In a similar exchange I showed my new friend photographs of Cuban supermarkets from before the Revolution (pre-1959) I had found and pinned on Pinterest like these shown here; again, I left her in total disbelief.  Never had she imagined Cuba to once have such nice supermarkets and access to food. She then shared some photographs of today's Cuban markets and this time - I was the one left aghast.  It was even worse than I had seen on previous social media posts and in this famous Youtube video "Everything You've Ever Seen About Cuba is a Lie."  Here is a quote from one of the  documentarists regarding his findings at the local Cuban grocery store and the hour wait at the cash-out line: "There was literally no fresh fruit, no fresh meat, no fresh vegetables, nothing....one brand of the things they do have."  It is why every Cuban exile remembers their first visit to the grocery store (or their first visit to the Piccadilly).  Yes, this first-time grocery experience is really a Cuban refugee thing; but to clarify, this was not the case for the generation of my grandparents who had to leave their lives as they knew it for a, to some respect, less developed community in a new country.  

It has been particularly sad for me in particular to observe, since my birth anyhow, Cuba's continued incremental destruction over time at the hands of Communism.  Cuba today is unrecognizable to the Cuban Exiles that escaped Castro's wrath in 1959 through the 1960s.  To watch this destruction and not be able to do anything about it caused a broken heart of each Cuban exile since. 

So back to chocolate - I can't imagine a life without chocolate, to be honest.  It's a personal indulgence I share with both my mother and my daughter.  I think they may even love chocolate more than me these days.

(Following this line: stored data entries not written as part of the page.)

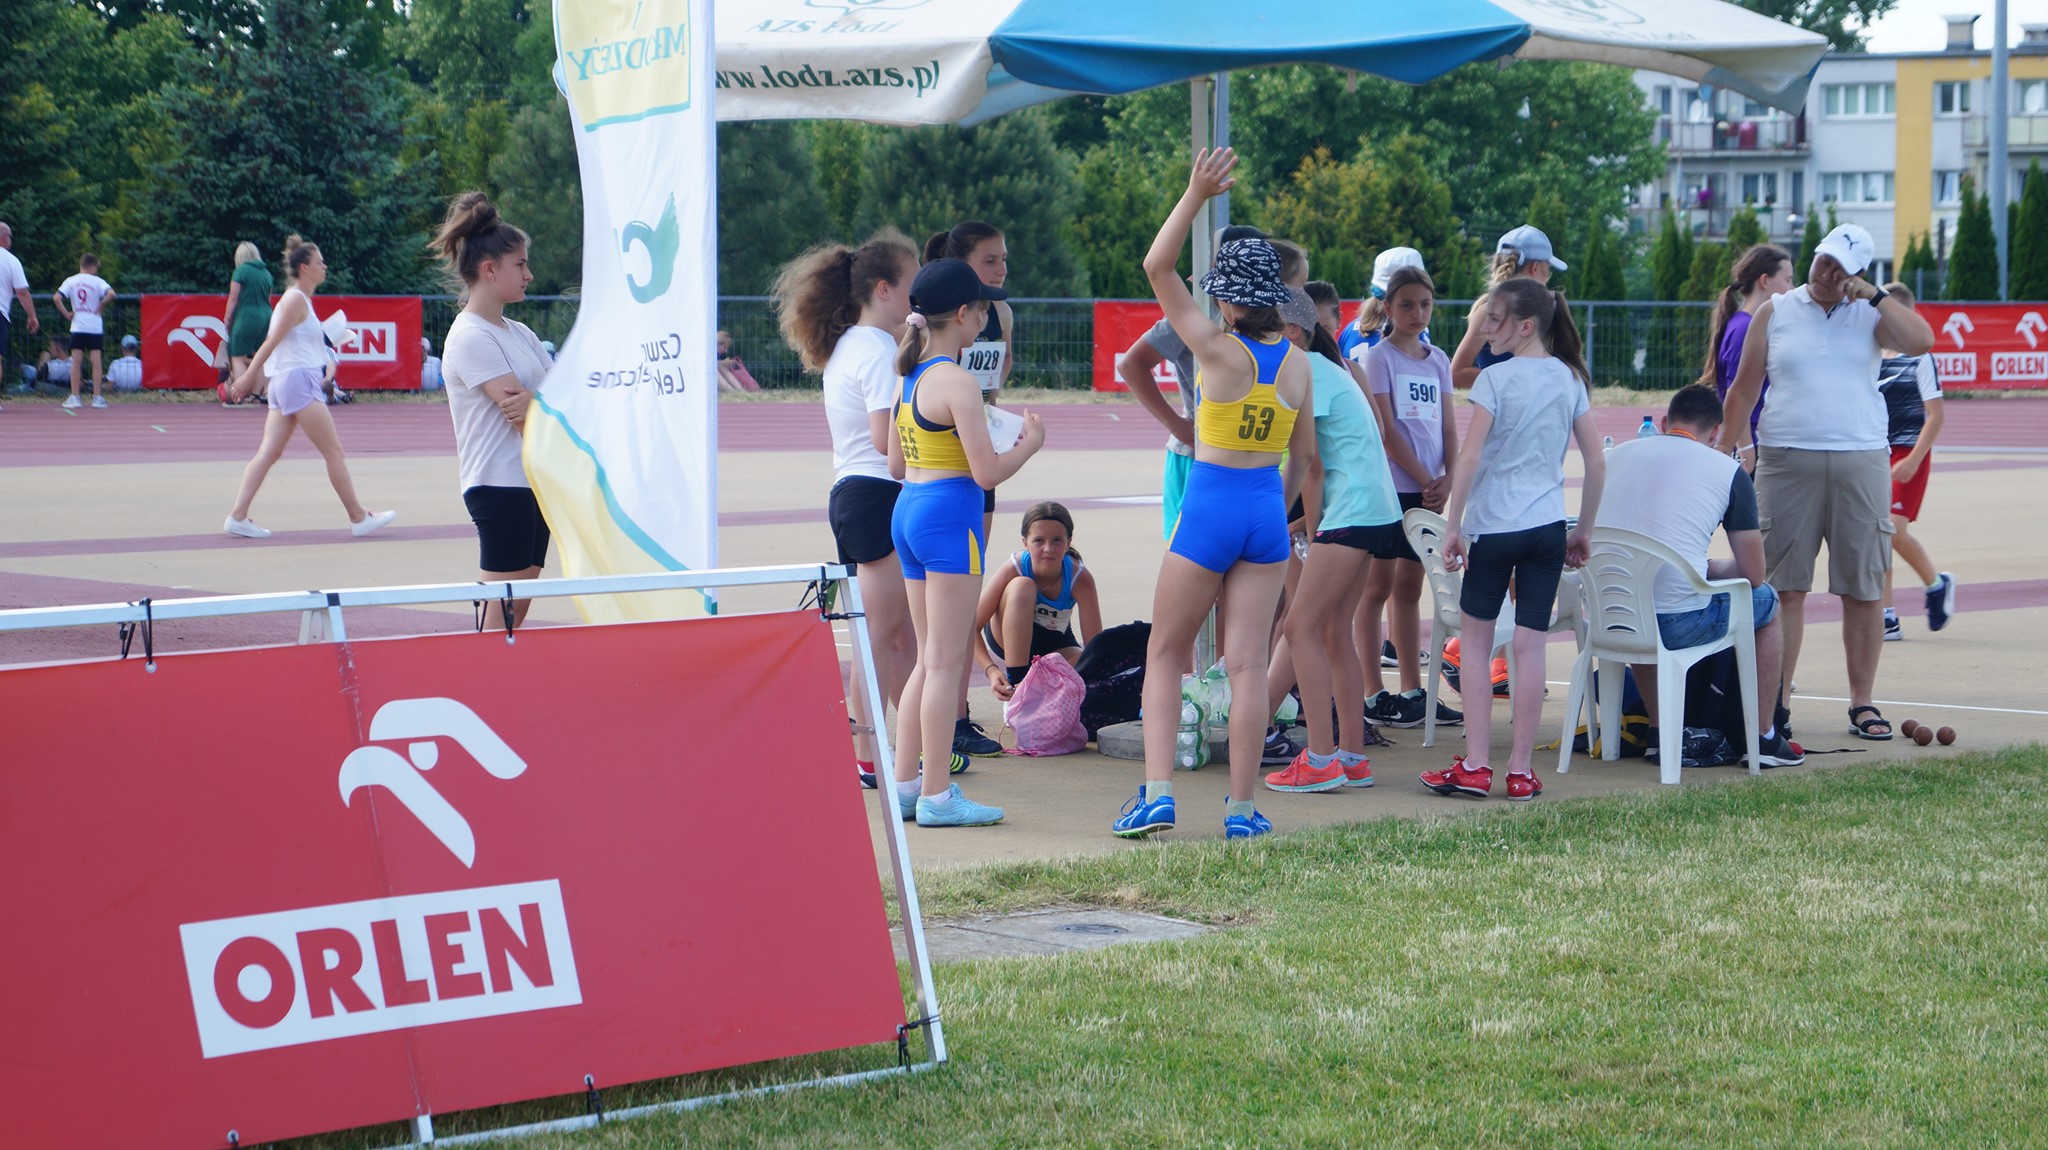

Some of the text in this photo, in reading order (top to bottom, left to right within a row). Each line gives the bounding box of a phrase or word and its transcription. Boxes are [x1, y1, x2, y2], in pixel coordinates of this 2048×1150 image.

[78, 289, 87, 304] 9
[968, 350, 999, 371] 1028
[1936, 358, 1972, 376] RLEN
[1996, 356, 2045, 375] ORLEN
[1409, 382, 1437, 404] 590
[1238, 404, 1275, 442] 53
[213, 902, 555, 1029] ORLEN

The taste of chocolate lingers through all my childhood memories; I personally cannot imagine a life without chocolate, as lived by many Cubans today and was lived by my new amiga.  

But it doesn't have to be that way, you know.  It should never have had to be that way.  Buying chocolate in Cuba for Cubans should not be so difficult, expensive, and exclusive.  After all, Cuba is home to a variety of Cacao beans and produced and manufactures this world-renown Baracoa chocolate.  According to this 2020 article,  "The Agroforestry and Coconut Company of Baracoa has exported almost 700 tons of first-class benefited cocoa (type A) and second quality (type B) so far this year, through the state-owned Cubaexport enterprise." 

So if the ordinary Cuban cannot readily buy or access Baracoa chocolate and other Cuban-produced chocolate, who is consuming it?  Not the Cuban people, unless they cultivate it or sell it for the govt. I suppose or live near the chocolate mill for that matter. You can buy Cuban chocolate in countries like Switzerland, England, Italy, Spain, Venezuela, Mexico, and many countries around the world, whether they're making chocolate from the imported Cuban Cacao or selling the imported Cuban bars made in Cuba. And as always, if you are a tourist visiting Cuba, you can buy Cuban chocolate in Cuba from the
government-operated chocolate stores in the city. 

But can you imagine all the sweet possibilities in a free Cuba?  And the possibility of a free Cuba is no longer just a myth, a surreal idea, an impossible dream, or an unfulfilled wish.  This week, on November 15, 2021, the Cuban people plan to peacefully protest for freedom.  Upwards of 100 protests have been scheduled around the world to show solidarity and support for the Cubans on the island risking their lives to peacefully protest on this day.  

                 


How sweet would it be to bring the chocolate culture back to the Cuban culture that reinvented it centuries ago?  Wouldn't it be nice to make chocolate so readily available and affordable in Cuba that no Cuban chocolate lover ever lives without the taste of this simple pleasure?  Chocolate like freedom should never be a privilege. In a free Cuba, Cuba's chocolate history and legacy can be celebrated.  We can even bring back the Cuban bakery.  I'll bet it's difficult for the Americans familiar with Miami's rich Cuban-American culture to understand that the Cuban bakeries and cafeterias they find on every block just do not exist in Cuba - but they once did.  Oh, I revel at the thought of a free Cuba and all the Sweet Possibilities that will come with freedom.